Version 0.20 of Gnuk has been released.

This release is a kind of "release candidate" for version 1.0. New feature of key generation is added. No more feature will be added for version 1.0.

  • Key generation feature added

    Finally, key generation is supported. Note that it may be very slow. It may take a few minutes (or more) to generate two or three keys, when you are unlucky.

  • DnD pinentry support is deprecated

    Once, DnD pinentry was considered a great feature, but it found that it is difficult to remember moves of folders.

  • assumes using another token for authentication

    Use of another token for authentication is assumed now. This is incompatible change. Note that when you upgrade a token of version 0.19 to 0.20 (or later), you need of version 0.19.

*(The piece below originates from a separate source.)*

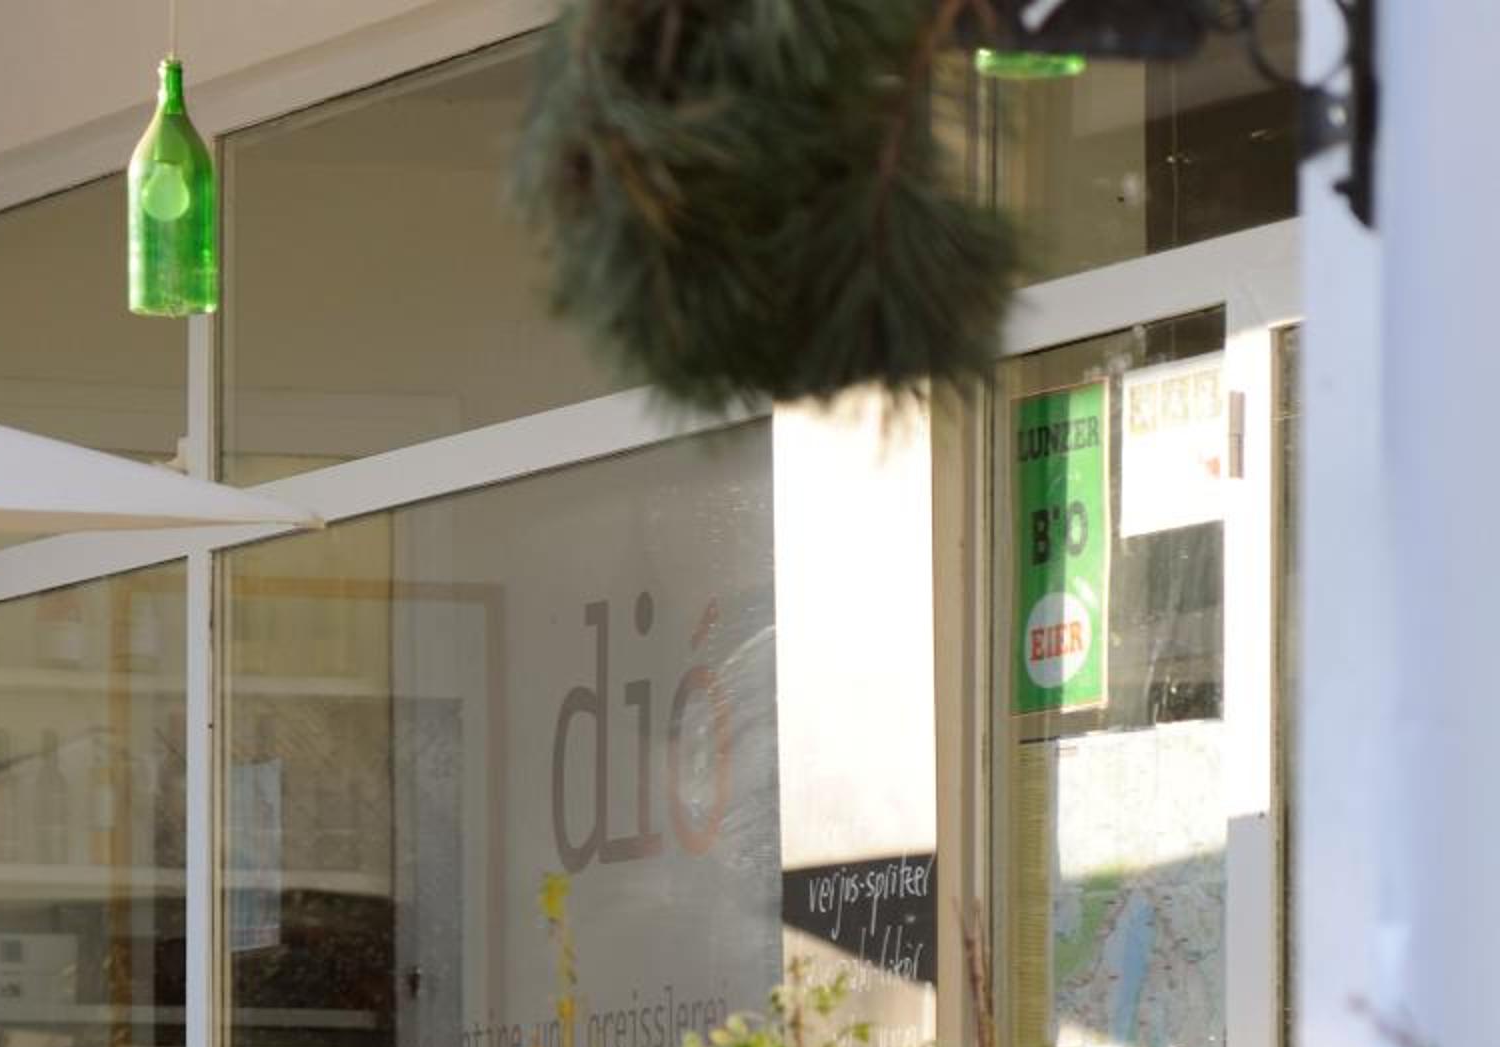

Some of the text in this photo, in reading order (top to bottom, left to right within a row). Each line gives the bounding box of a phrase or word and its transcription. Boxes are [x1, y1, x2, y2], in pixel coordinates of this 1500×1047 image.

[1017, 416, 1099, 462] LUNZER
[1030, 622, 1084, 661] EIER
[552, 591, 731, 874] dió

  • KDF (Key Derivation Function) is now SHA-256

    Keystring is now computed by SHA-256 (it was SHA1 before).

  • Protection improvements (even when internal data is disclosed)

    Three improvements. (1) Even if PW1 and Reset-code is same, content of encrypted DEK is different now. (2) DEK is now encrypted and decrypted by keystring in ECB mode (it was just a kind of xor by single block CFB mode). (3) Key data plus checksum are encrypted in CFB mode with initial vector (it will be able to switch OCB mode easily).

  • LED display output change

    LED display output by Gnuk is now more reactive. It shows status code when it gets GET_STATUS message of CCID. When you communicate Gnuk by internal CCID driver of GnuPG (instead of PC/SC), and enable 'debug-disable-ticker' option in .gnupg/scdaemon.conf, it is more silent now.